Each year the entrepreneur should prepare annual marketing plan before any decision
is made regarding production, personnel and financial plans. Then the annual plan
becomes a basis for planning other aspects of the business mentioned previously.
Information for development of marketing plan may require undertaking of research in
order to know the potential customers, the size of the potential market, the price of the
product and its affordability for potential customers, the effective form of proportional
strategy and appropriate distribution channel. Since conducting marketing research
costly, the entrepreneur needs to assess available sources and information needed to
determine the marketing mixes and potential customers. Research techniques that are
not costly and sources of information that are free or cheaper will be preferred by
entrepreneurs.
Before conducting a research, entrepreneurs should be clear with the objective of
conducting it. The main objective of entrepreneurs is to know the target market
(potential customers) and demographic data about them. Moreover, the study could be
conducted to define different kinds of marketing mixes (about pricing, promotion,

distribution, and kind of product and test of customers to the product). Information for
the research can be collected from secondary sources such as government offices,
research findings in universities, libraries etc. and/.or primary data can also be collected
through observation, focus group discussion, interviews and so on. Analysis of these
data collected trough different techniques and sources will enable entrepreneurs to
know about the kind of customers, size of the market, the test and preference of
customers and the kind of strategies used in utilizing the marketing mixes. Sometimes,
this research may reveal that there is enough market to exploit or there is no enough
market and the business is not feasible. So it is a valuable part of the business plan.
A marketing plan answers three basic questions of a business. One is it enables us to
know the current condition of the enterprise. The background of the company, its
strengths and weakness, some back ground on the competition, strength and weakness
of the company and the possible opportunities that can be exploited or threats that may
challenge the performance of the business.
It also tells us where we want to go in the marketing aspect of the business at least in
the short run. In addition it also tries to address the specific marketing strategy that will
be implemented, when the strategy is going to be used and who is responsible to do so.
Steps in preparing marketing Plan
1. Defining the Business situation
This is like assessment of the business environment which could be done in industrial
and environmental analysis part of the business plan. So here we need to revise what
we have done in the first part of the business plan.
2. Define the target market
From the marketing research, the entrepreneur should have a good idea of who the
customers or target market will be.
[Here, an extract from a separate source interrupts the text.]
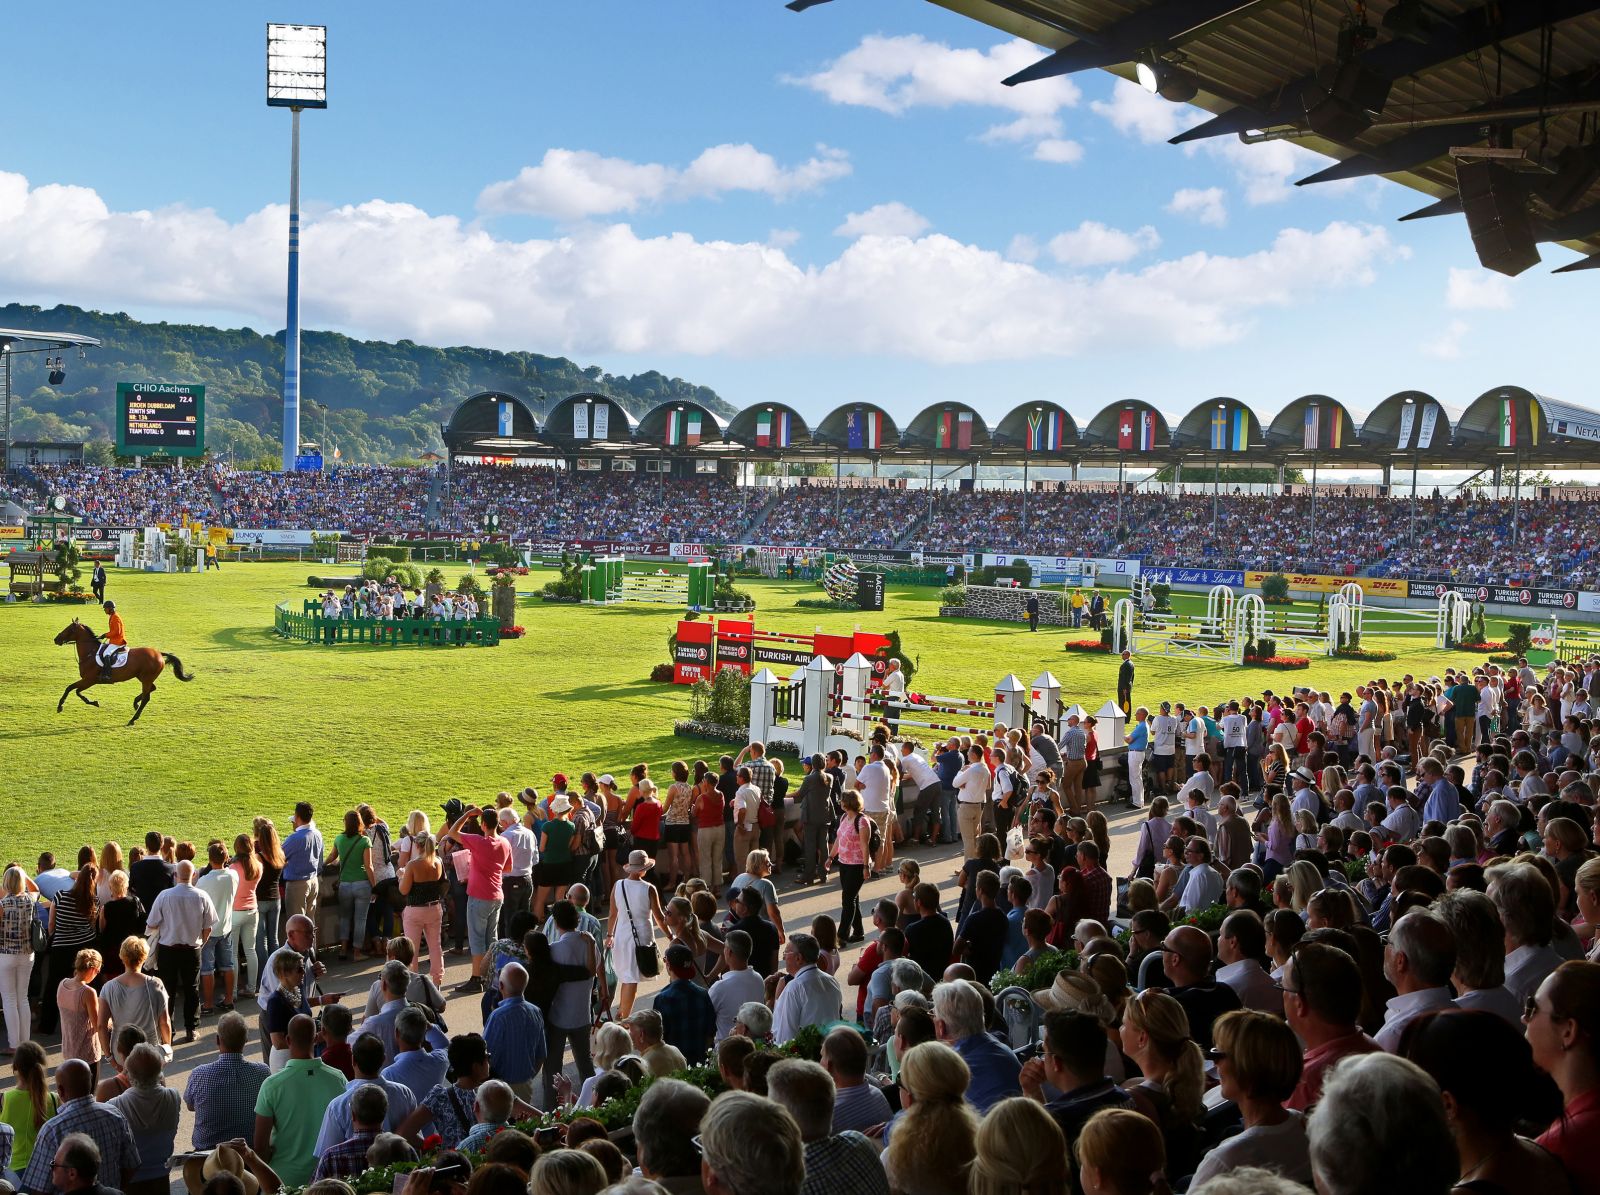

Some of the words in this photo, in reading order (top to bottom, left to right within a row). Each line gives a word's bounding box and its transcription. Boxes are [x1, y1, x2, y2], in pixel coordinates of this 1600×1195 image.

Knowledge of the target market provides a basis for
determining the appropriate marketing action and strategy that will efficiently meet its

needs. The defined target market will usually represent one or more segments of the
entire market.
3. Considering Strengths and Weaknesses
The entrepreneur should genuinely present the weakness and strength of the business.
Strengths of a new business could be the experience of the entrepreneur in working on
businesses that are related the newly established business and the skill, knowledge and
working experience of the management team. The weakness can also be the limited
financial, technological and channel of distribution of the business etc.
4. Establishing a goal or objective
Here the goal of the enterprise will be presented. The goal answers the where we want
to question This part tries to specify such things as the market share of the business in
the industry, profit, market penetration, number of distributor, pricing policy, sales
promotion and advertisement support.
5. Defining the market strategy and Action Program
This strategy and action plans respond to the strategy of the organization and on
marketing mixes. Some of the decisions to be taken on marketing mixes and customers
can be the following
Product
This element of the marketing mix indicates a description of the product to be marketed
in the enterprise. Product description involves the package, the brand name, price,
warranty, image, service, delivery time feature and style and so on.
Pricing
Determining the price of the product is the more difficult part of the decision. A product
with quality and expensive component will require a high price to maintain the proper
image. The entrepreneur must also consider many other factors such as cost discount,

freight, and markups. The problem in estimating price is often associated the difficult
task of estimating cost. Marketing research can also indicate the reasonable price the
customers are willing to pay for the product.
Distribution
This factor provides place utility for customers by providing the product on the right
place available when it is needed. There are many options for entrepreneurs to be
considered in distributing the product. Issues such as type of channel of distribution,
member of intermediaries, and location of channel members should be described in this
section of the marketing plan.
Promotion
It is necessary for entrepreneurs to inform potential consumer about the products
availability. This informing, persuading and instructing of potential customers can be
done using various media such as television, radio, prints etc. Promoting products can
be done with or with out payment. Those paid promotional methods are advertisement
and personal selling where as the unpaid promotional method is publicity. Particularly
unique and creative marketing ideas are often special interest to the media. Local news
papers radios and magazines can publicize the marketing idea. Depending on the
outreach and market size of the product the entrepreneur needs to select the best
channel of promotion that is cost effective and can reach potential customers.
All these marketing mixes need to specify in the marketing plan on the business plan.
Equally or more importantly there is a need to develop a strategy on meeting the needs
of customers better than competitors are doing. For these different activities should be
performed of which following are worth mentioning.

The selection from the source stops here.